In Nonprofit Communications Strategy: A Generational Guide, CCS Fundraising explores how different age groups want to hear from the causes they support – and what this means for communication and fundraising planning. The guide moves beyond stereotypes and focuses on what donors actually experience across channels, not just what is convenient for organisations.
Nonprofit Communications Strategy: A Generational Guide (CCS Fundraising)What stood out to us
Preferences differ, expectations don’t. Older and younger donors do favour different channels and rhythms – but almost everyone expects relevance, respect for their time, and a sense that the organisation knows who they are. “More of everything” doesn’t work for any generation.
Younger supporters expect a conversation, not a broadcast. Younger adults are more likely to respond when communications feel two-way: opportunities to ask questions, give feedback, and see how their perspective is shaping the work – not just being asked to fund it.
Generic journeys quietly push people away. The guide shows that mis-timed messages and generic journeys are one of the fastest ways to lose attention. People notice when they receive the same content regardless of what they’ve already done.
Why this matters for leaders
It’s tempting to frame generational differences as a channel problem: “What do we do on TikTok?” or “Should we still send letters?” The more useful question is: “What does it feel like to be this person in our hands?” A genuinely audience-first approach starts there and lets channel choices follow.

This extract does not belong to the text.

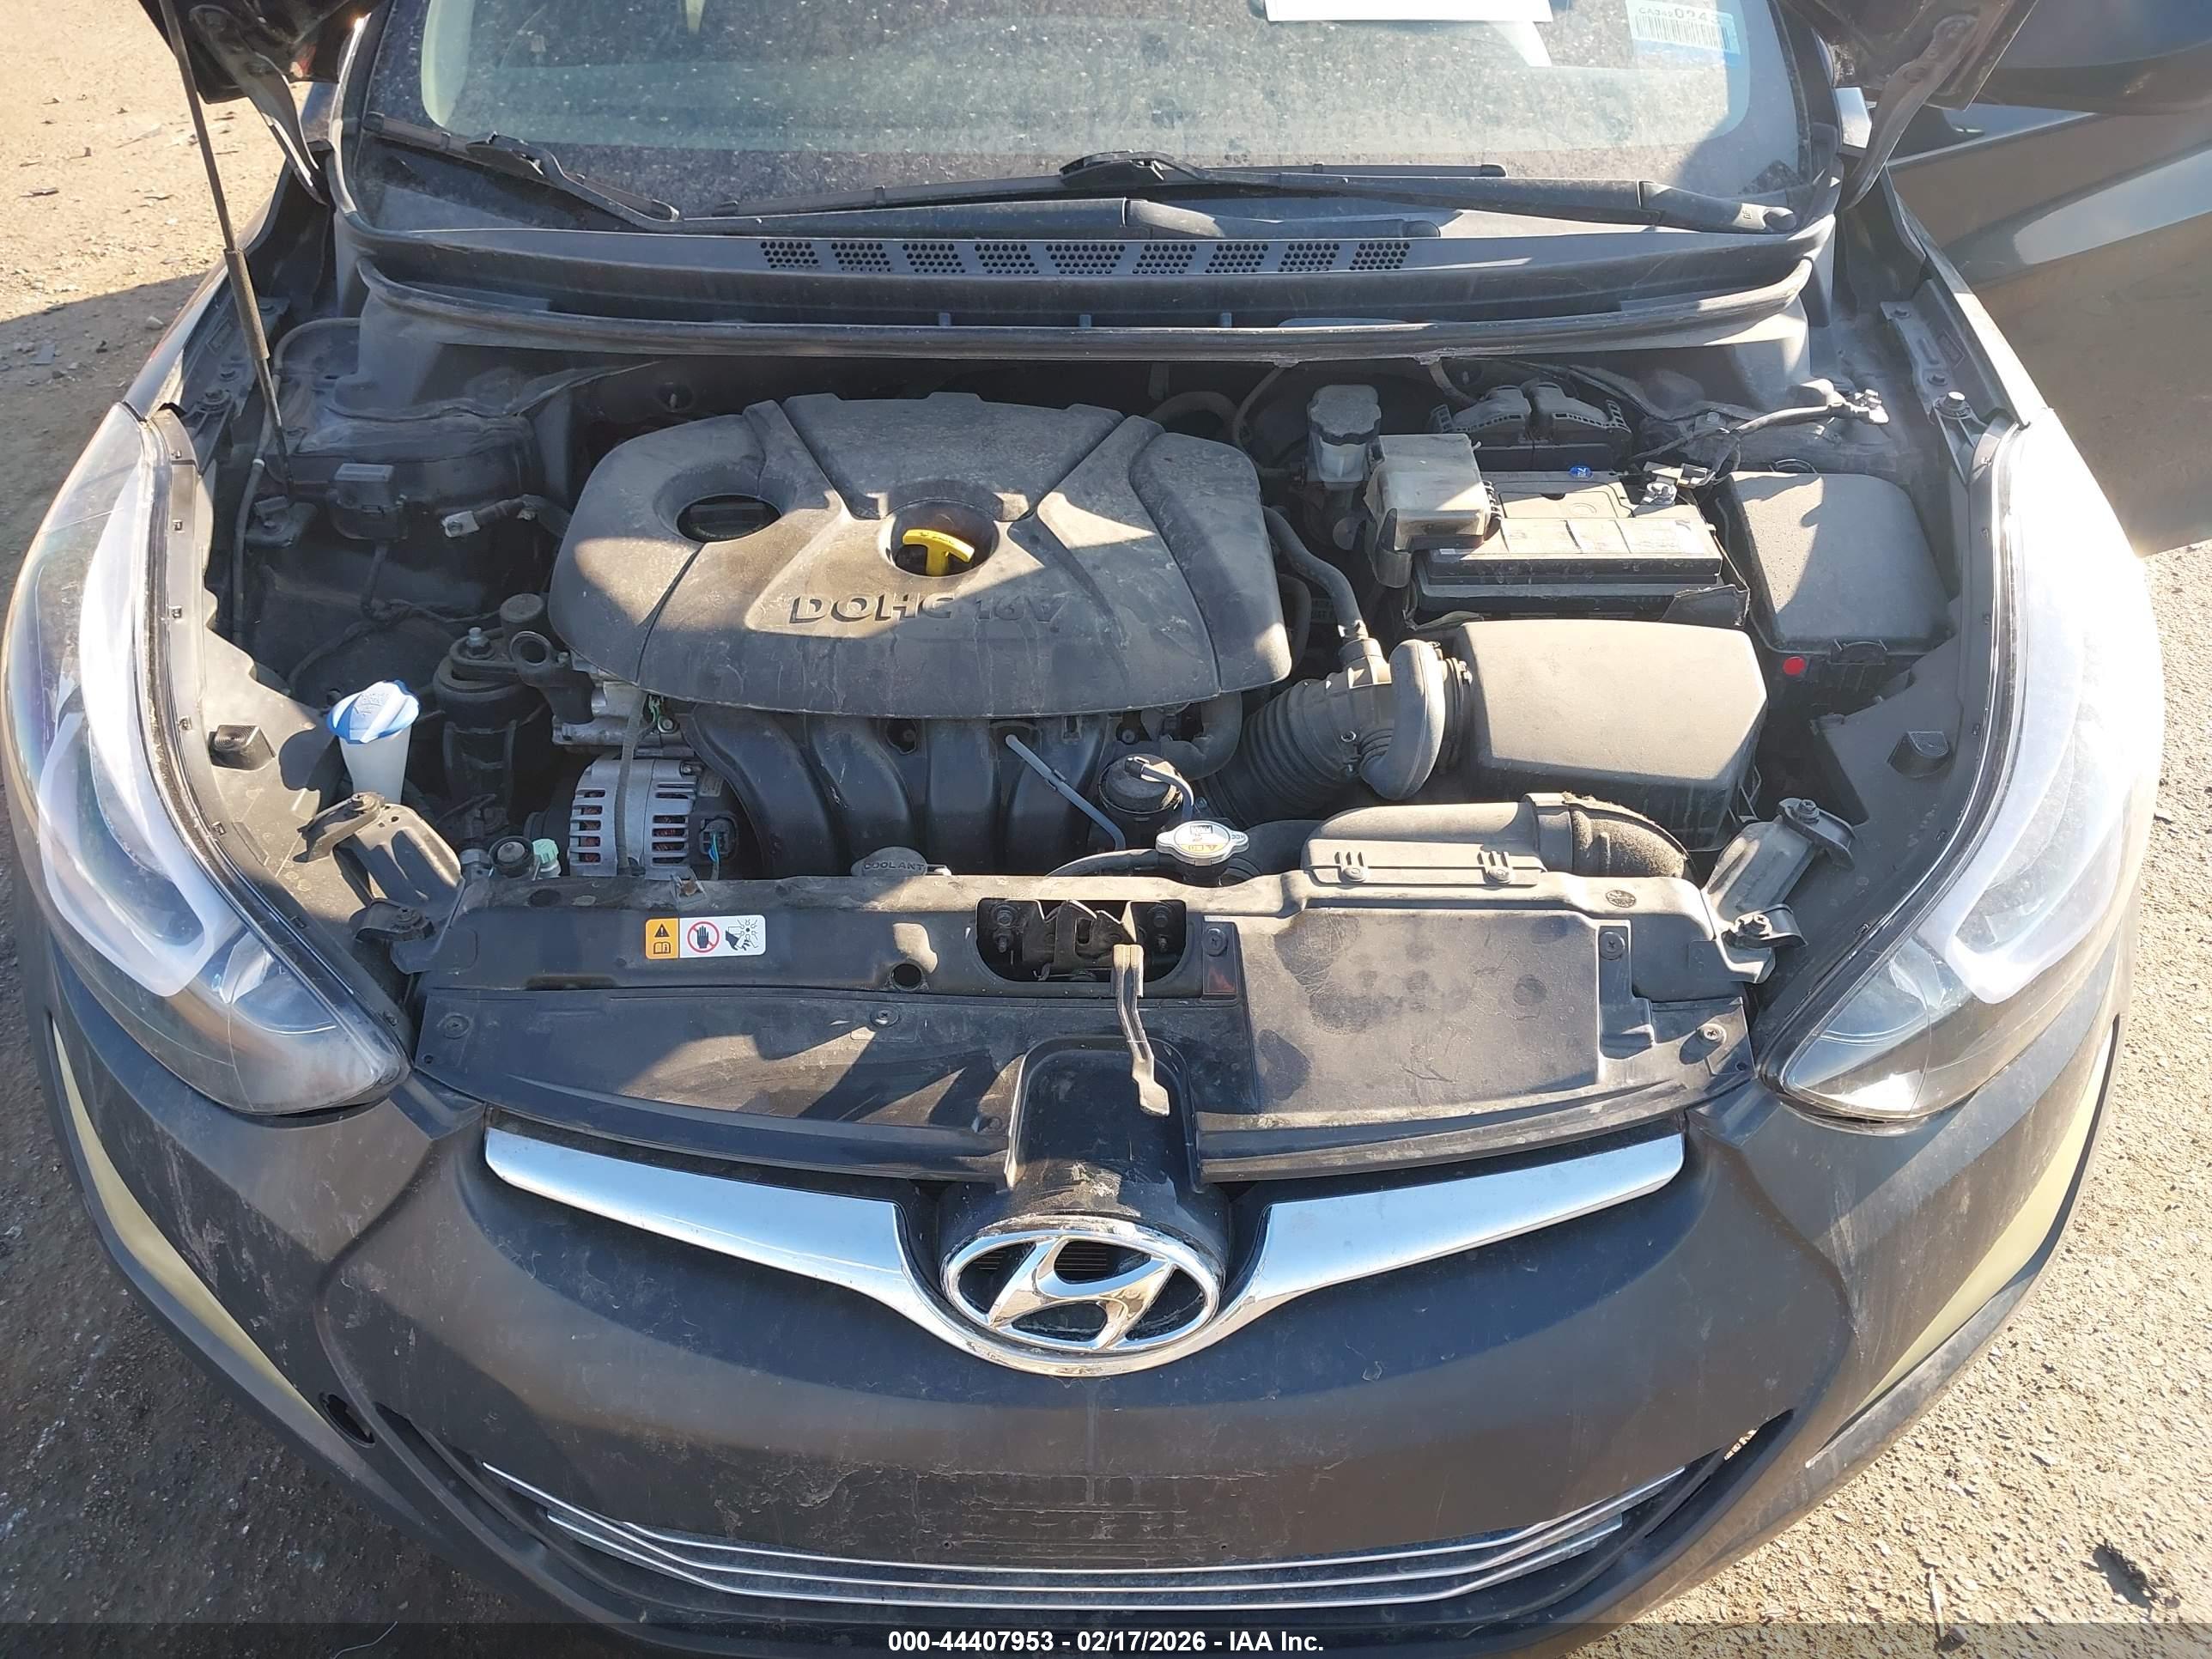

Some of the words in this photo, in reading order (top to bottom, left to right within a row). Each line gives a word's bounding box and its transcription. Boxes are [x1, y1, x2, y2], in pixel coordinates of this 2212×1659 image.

[789, 592, 955, 624] DOHC
[974, 593, 1072, 624] 16V
[864, 861, 925, 871] COOLANT

For senior teams, that often means slowing down enough to decide who your priority audiences really are, what you want each relationship to look like, and where you might be over-serving your own need to “get messages out” at the expense of how they land. An external perspective can be helpful here, not to invent yet another segment, but to challenge the default assumption that everyone sees your organisation the way you do.
Different people need different kinds of clarity – and that takes the hard work of offering it.
Done well, generational strategy isn’t about slicing your database into smaller and smaller boxes. It’s about recognising that different people need different kinds of clarity – and committing to the hard work of offering it.